Observation of the affected eye revealed symptoms consistent with Horner's syndrome. Light ophthalmoscopy confirmed the reduced blood flow of the retinal arteries during occlusion. CX3CR1-GFP reporter mice were then employed to evaluate the extent of the ocular microglia and monocyte activation. A significant increase in green fluorescent protein (GFP)-positive macrophages was seen throughout the ischemic area compared to the sham and contralateral control eyes. RT-PCR revealed enhanced expression of the monocyte chemotactic molecule CCL2 early after reperfusion followed by a delayed increase in the proinflammatory cytokine TNF-α. Further analysis of peripheral leukocyte recruitment by flow cytometry determined that monocytes and neutrophils were the predominant immune cells to infiltrate at 72 h. A transient reduction in retinal microglia numbers was also observed, demonstrating the ischemic sensitivity of these cells. Blood-eye barrier permeability to small and large tracer molecules was increased by 72 h. Retinal microglia exhibited enhanced phagocytic activity following MCAO; however, infiltrating myeloid cells were significantly more efficient at phagocytizing material at all time points. Immune homeostasis in the affected eye was largely restored by 7 days.
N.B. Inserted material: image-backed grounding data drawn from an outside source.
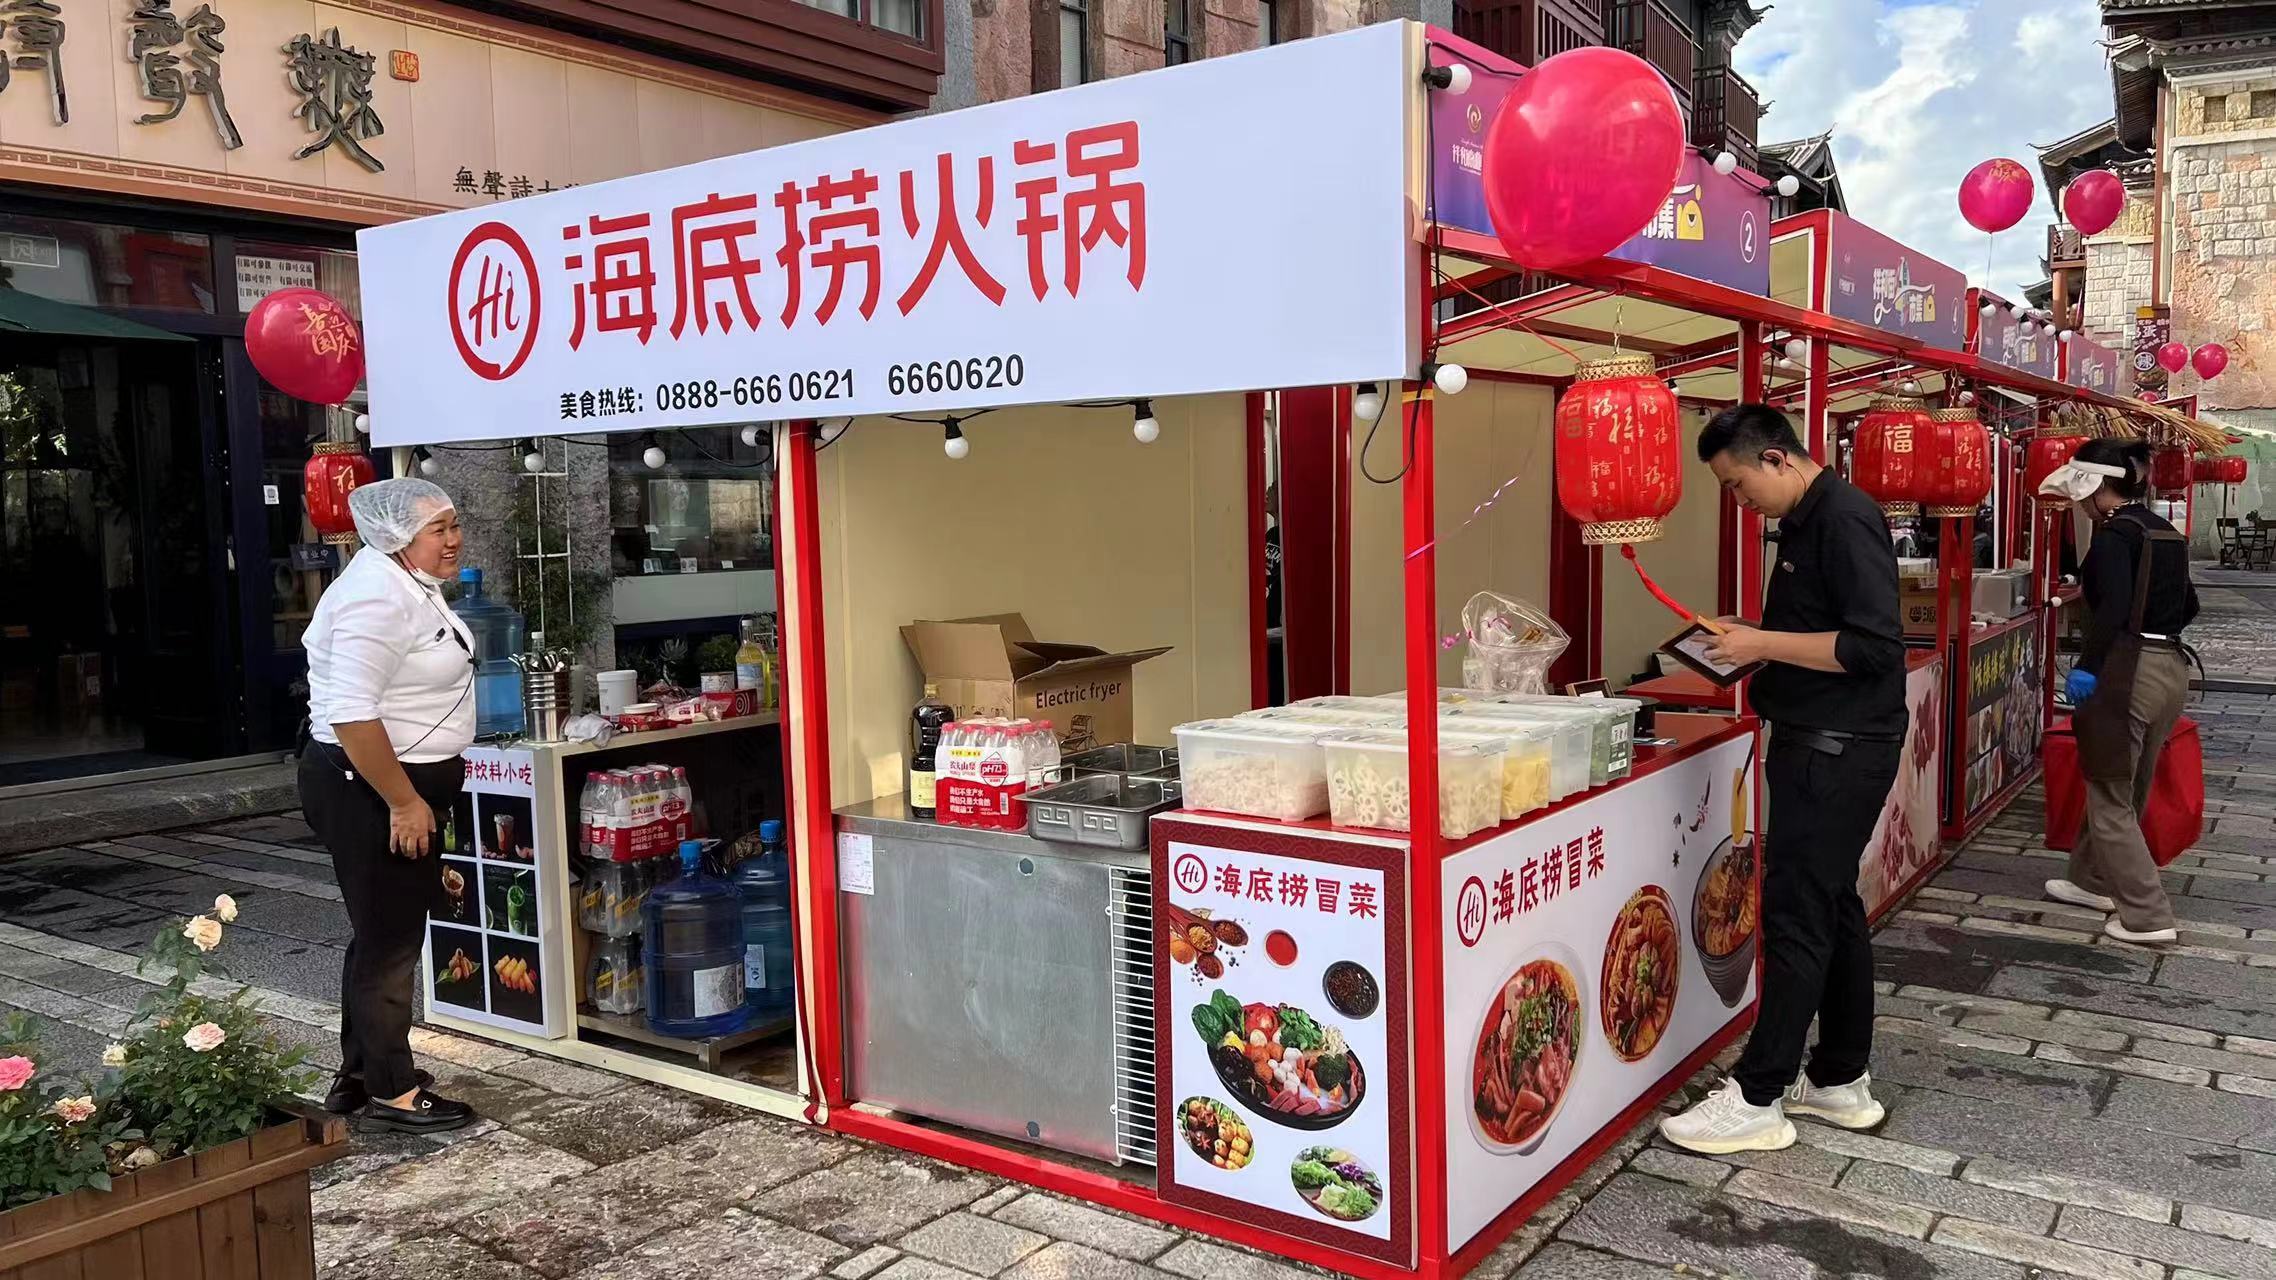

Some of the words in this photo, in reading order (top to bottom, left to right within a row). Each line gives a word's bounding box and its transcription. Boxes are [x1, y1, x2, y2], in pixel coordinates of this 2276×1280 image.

[562, 120, 1148, 352] 海底捞火锅
[888, 354, 1024, 395] 6660620
[1885, 424, 1913, 453] 福
[1036, 685, 1086, 709] Electric
[1090, 682, 1121, 701] fryer
[1214, 863, 1378, 919] 海底捞冒菜
[1492, 826, 1605, 925] 海底捞冒菜
This work demonstrates that there is a robust inflammatory response in the eye following MCAO, which may contribute to a worsening of retinal injury and visual impairment. These results mirror what has been observed in the brain after MCAO, suggesting a conserved inflammatory signaling response to ischemia in the central nervous system. Imaging of the eye may therefore serve as a useful non-invasive prognostic indicator of brain injury after MCAO. Future studies are needed to determine whether this inflammatory response is a potential target for therapeutic manipulation in retinal ischemia.
短暂性大脑中动脉闭塞(MCAO)卒中模型是研究局灶性脑缺血最常用的模型之一。该操作还会导致供应视网膜的眼动脉同时闭塞。视网膜细胞死亡在再灌注数天后出现,并导致功能缺陷;然而,造成这种损伤的机制尚未得到研究。鉴于眼睛可能对缺血性刺激有独特的眼部免疫反应,本研究在MCAO模型中检测了对视网膜缺血的炎症反应。
将年轻雄性C57B/6小鼠进行90分钟的短暂性MCAO,并在长达7天的多个时间点实施安乐死。用定量实时PCR测量炎症细胞因子的转录,并通过检眼镜检查和流式细胞术评估免疫细胞的激活(如吞噬作用)和迁移。
对患眼的观察发现了与霍纳综合征一致的症状。光学检眼镜检查证实闭塞期间视网膜动脉血流减少。然后使用CX3CR1-GFP报告基因小鼠来评估眼部小胶质细胞和单核细胞的激活程度。与假手术组和对侧对照眼相比,在整个缺血区域观察到绿色荧光蛋白(GFP)阳性巨噬细胞显著增加。逆转录聚合酶链反应(RT-PCR)显示再灌注后早期单核细胞趋化分子CCL2表达增强,随后促炎细胞因子TNF-α延迟增加。通过流式细胞术对外周白细胞募集的进一步分析确定,单核细胞和中性粒细胞是在72小时时浸润的主要免疫细胞。还观察到视网膜小胶质细胞数量短暂减少,证明了这些细胞对缺血的敏感性。到72小时时,血眼屏障对大小示踪分子的通透性增加。MCAO后视网膜小胶质细胞表现出增强的吞噬活性;然而,在所有时间点,浸润的髓样细胞吞噬物质的效率明显更高。到7天时,患眼中的免疫稳态基本恢复。
这项研究表明,MCAO后眼睛会出现强烈的炎症反应,这可能导致视网膜损伤和视力损害加重。这些结果与MCAO后在大脑中观察到的情况相似,表明中枢神经系统对缺血存在保守的炎症信号反应。因此,眼部成像可能作为MCAO后脑损伤有用的非侵入性预后指标。未来需要开展研究来确定这种炎症反应是否是视网膜缺血治疗干预的潜在靶点。